--- WHAT THE TASK ASKS ---
Apart from the images, the records below need to be copied exactly.

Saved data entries
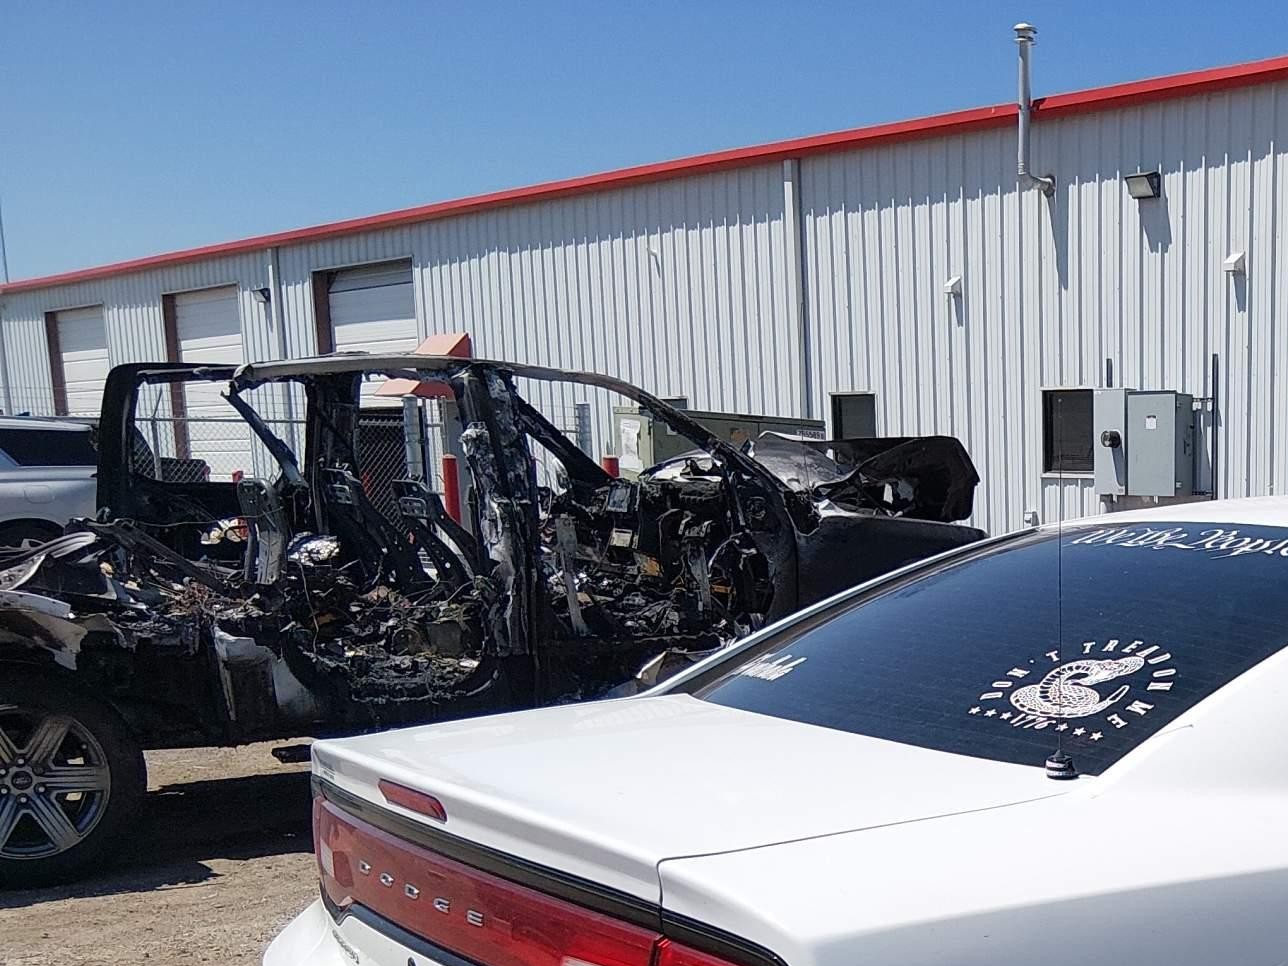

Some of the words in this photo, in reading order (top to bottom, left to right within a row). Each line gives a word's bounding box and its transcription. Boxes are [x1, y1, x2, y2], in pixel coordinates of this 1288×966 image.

[1082, 639, 1172, 664] TREAD
[1146, 667, 1178, 692] ON
[1009, 713, 1058, 730] 1776
[1106, 700, 1155, 729] ME
[359, 859, 485, 927] DODGE
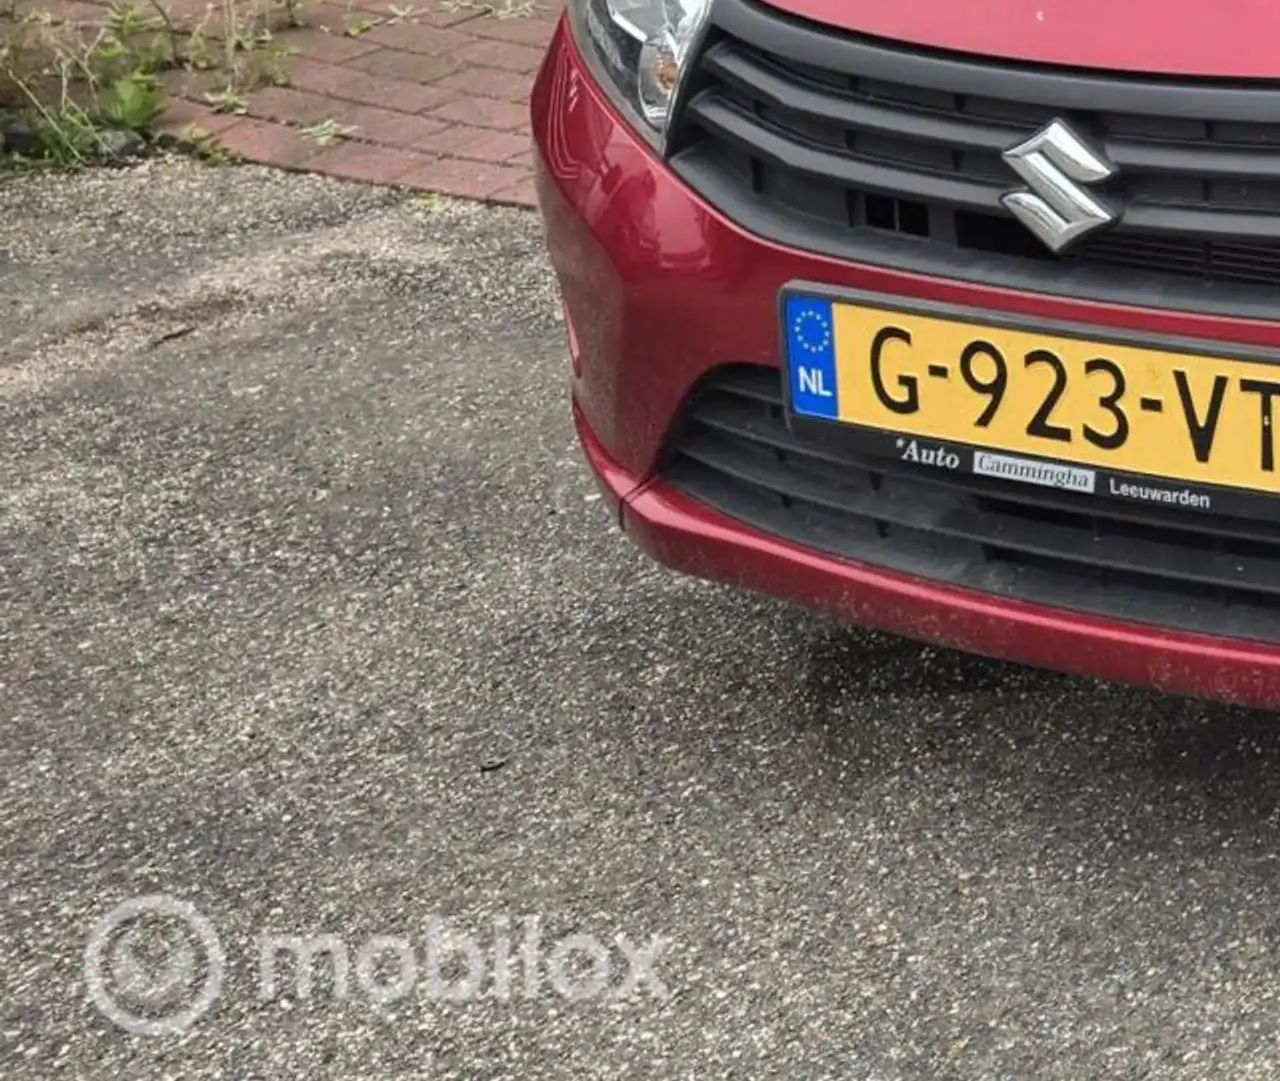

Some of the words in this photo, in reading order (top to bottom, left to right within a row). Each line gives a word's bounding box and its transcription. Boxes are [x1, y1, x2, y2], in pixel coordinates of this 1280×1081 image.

[799, 365, 833, 399] NL
[977, 452, 1091, 490] Cammingha
[1109, 477, 1211, 509] Leeuwarden

--- ANSWER SECTION ---
Some of the words in this photo, in reading order (top to bottom, left to right within a row). Each line gives a word's bounding box and its transcription. Boxes are [x1, y1, x2, y2], in pixel coordinates of this 1288×966 image.

[1082, 639, 1172, 664] TREAD
[1146, 667, 1178, 692] ON
[1009, 713, 1058, 730] 1776
[1106, 700, 1155, 729] ME
[359, 859, 485, 927] DODGE

Some of the words in this photo, in reading order (top to bottom, left to right within a row). Each line gives a word's bounding box and its transcription. Boxes are [x1, y1, x2, y2], in pixel coordinates of this 1280×1081 image.

[799, 365, 833, 399] NL
[977, 452, 1091, 490] Cammingha
[1109, 477, 1211, 509] Leeuwarden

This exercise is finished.